In summary, the experience at our institution provides an in-depth examination of a call structure change within restricted duty hours. The change was perceived to improve continuity of care and accountability, in part by enhancing team responsibility for patient care. However, the educational effects of the new structure were significant. Despite this, residents’ views were refreshingly flexible and altruistic because they felt that the new system was overall better for patient care.
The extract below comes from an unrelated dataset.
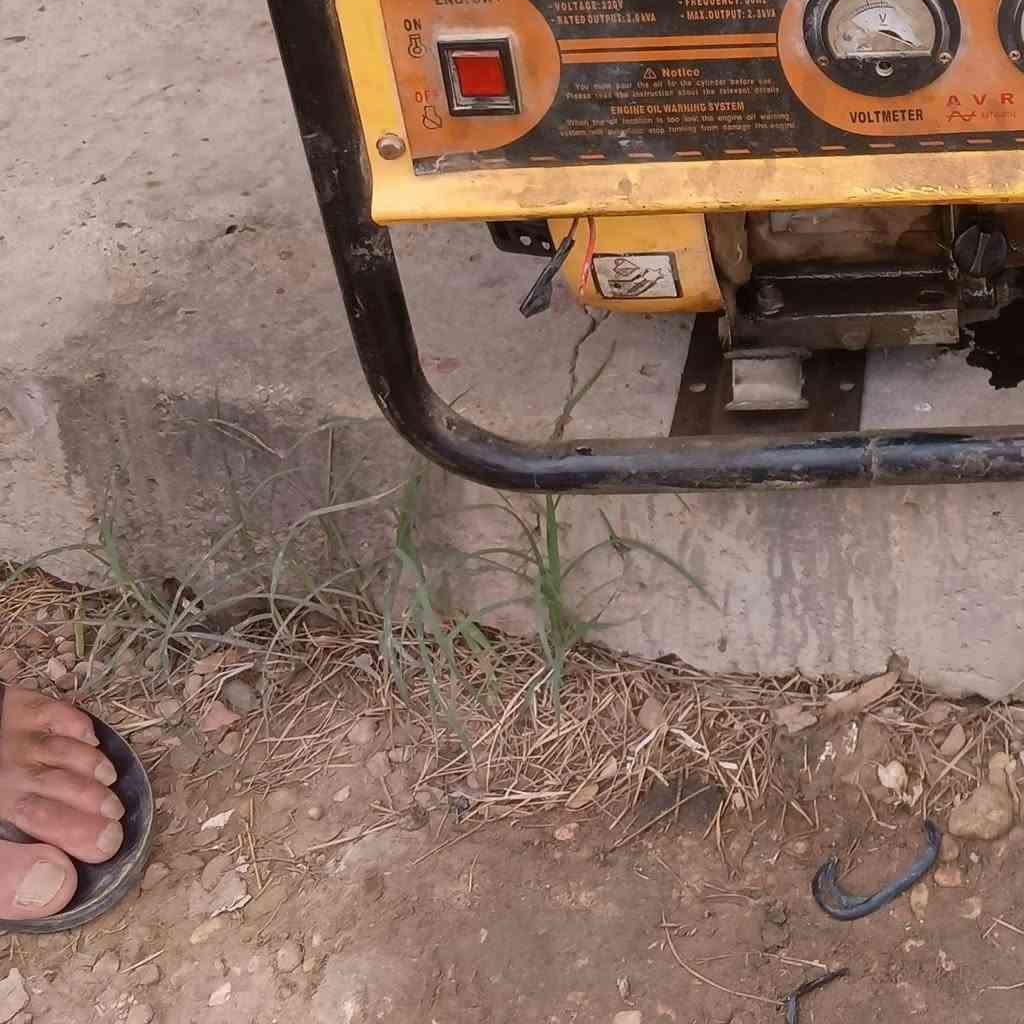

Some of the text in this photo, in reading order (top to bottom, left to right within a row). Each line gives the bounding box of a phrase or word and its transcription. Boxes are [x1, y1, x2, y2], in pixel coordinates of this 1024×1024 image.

[403, 18, 422, 32] ON
[646, 103, 662, 114] OIL
[848, 108, 924, 124] VOLTMETER
Program leaders must ensure that residents’ sacrifices are not too great and that their education remains a priority.
Funding/Support: This research was supported by the Department of Medicine Professors Research and Education Fund, University of Toronto, and the Education Development Fund, Faculty of Medicine, University of Toronto.
Other disclosures: None.
Ethical approval: This study was approved by the University of Toronto research ethics board.
Previous presentations: Parts of this research were presented at the Association for Medical Education in Europe Conference, Glasgow, Scotland, September 6, 2010 (poster); at the International Conference on Residency Education, Ottawa, Ontario, Canada, September 24, 2010 (oral); and at the Research in Medical Education Conference, Association of American Medical Colleges annual meeting, Washington, DC, November 10, 2010 (oral).